I've been looking into normalization more and more, and I was wondering about a few things that perhaps some of you might know the answer to or want to discuss
So their exists within samples normalization (TPM or others), i.e. relative abundances and between samples normalization (TMM or others), but is it necessary to do both ever, i.e. is it ever necessary to normalize relative abundances across a cohort?
I don't think it would be, but another scenario which seems to be quite common is filtering out isoforms that have no expression for 90% (or some other threshold) of the samples if working with a large cohort. But if you do this while working with TPM then the sum of TPM for every isoform for each subject will no longer be equal. Would it make sense to then use TMM after such a filtration process? I think it would.
Do you think such filter out of isoforms is flawed in some manner?
My guess is it used because people are worried about the sensitivity of RNA-seq and biologically most think that for specific tissue type a good percentage of genes are not expressed. So I think it makes some sense
It seems like all between samples normalizations require raw counts as input, and leave it there. I read harold pimentel's blog post about it (https://haroldpimentel.wordpress.com/2014/12/08/in-rna-seq-2-2-between-sample-normalization/, very informative) but I haven't seen a follow up about this problem if it is a problem.
I'm new to this stuff, so I was wondering what others thoughts are on the issue.
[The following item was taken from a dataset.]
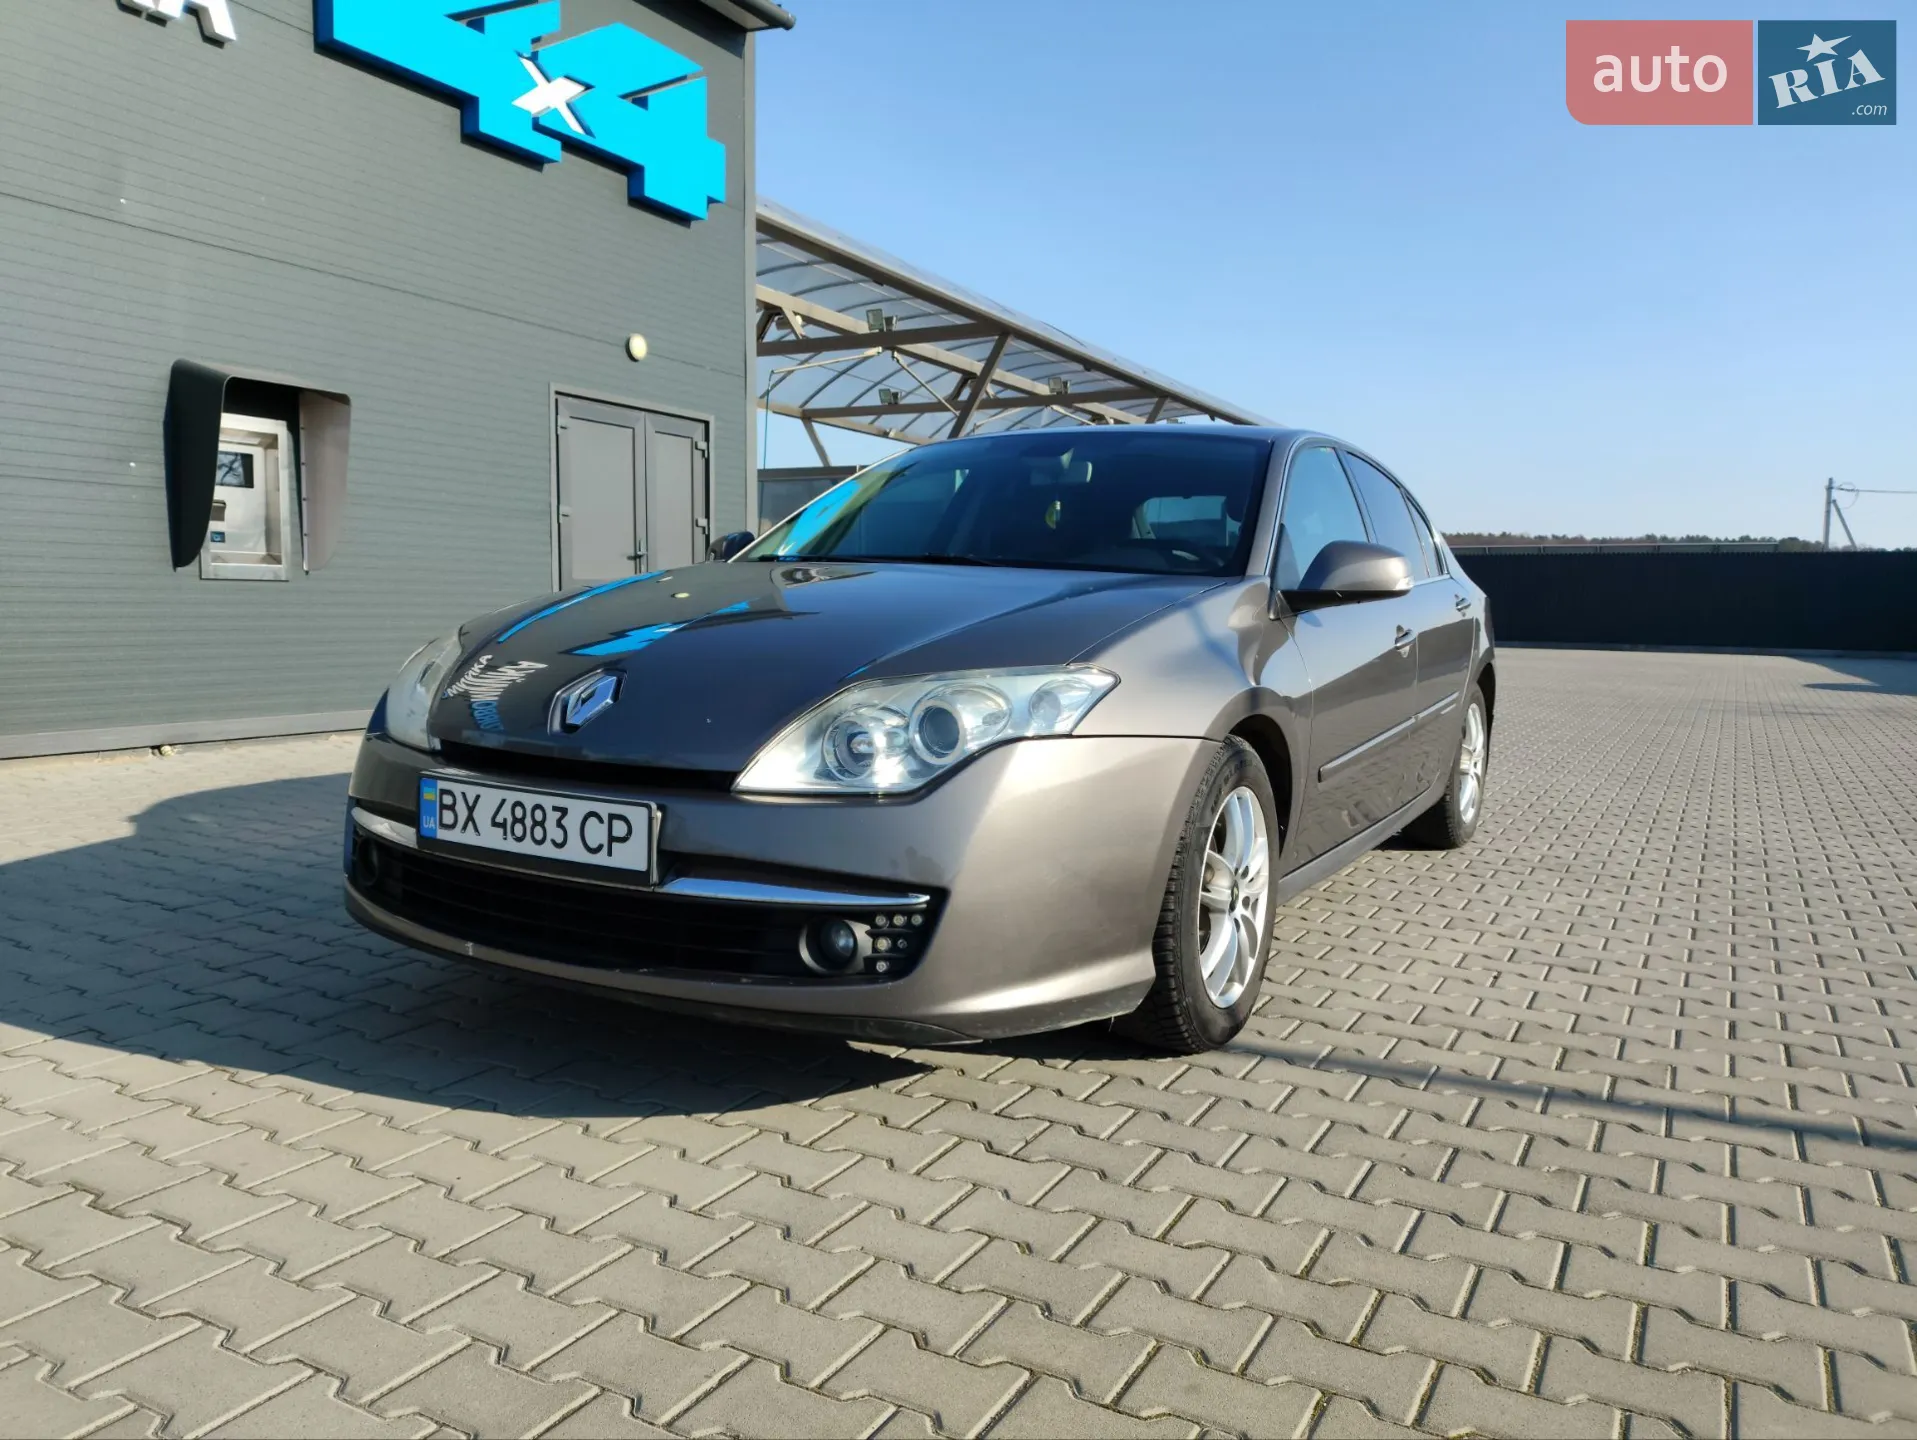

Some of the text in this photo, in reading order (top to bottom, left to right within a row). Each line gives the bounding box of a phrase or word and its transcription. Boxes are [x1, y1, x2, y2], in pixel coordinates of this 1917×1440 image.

[422, 815, 436, 829] UA
[438, 789, 633, 857] BX 4883 CP
Another rookie here, sorry if I'm misunderstanding something obvious. I am a little confused by what constitutes a 'sample'. I'm doing single-cell RNA-seq with 100 cells, with cDNA for each made separately, then pooled for library enrichment and then sequenced together in a single lane. I get that between-sample normalization is necessary when comparing data across different lanes or sequencing runs. But what about the case where all samples (multiplexed, of course) were run in a single lane? My single cells have varying levels of total read count (0.8 to 1.2 million reads), so should I treat each single cell as a sample and do normalization (e.g.,TPM) within that sample? Would between-sample normalization be necessary if I wanted to compare expression of gene A across the 100 cells I sequenced together?
All my advice above is for "ordinary" RNA-seq. I have no experience with single-cell sequencing, but I know that it requires a quite different statistical approach, so you probably shouldn't try to apply anything from this question to it. If you want to know about single-cell sequencing, ask a separate question about that.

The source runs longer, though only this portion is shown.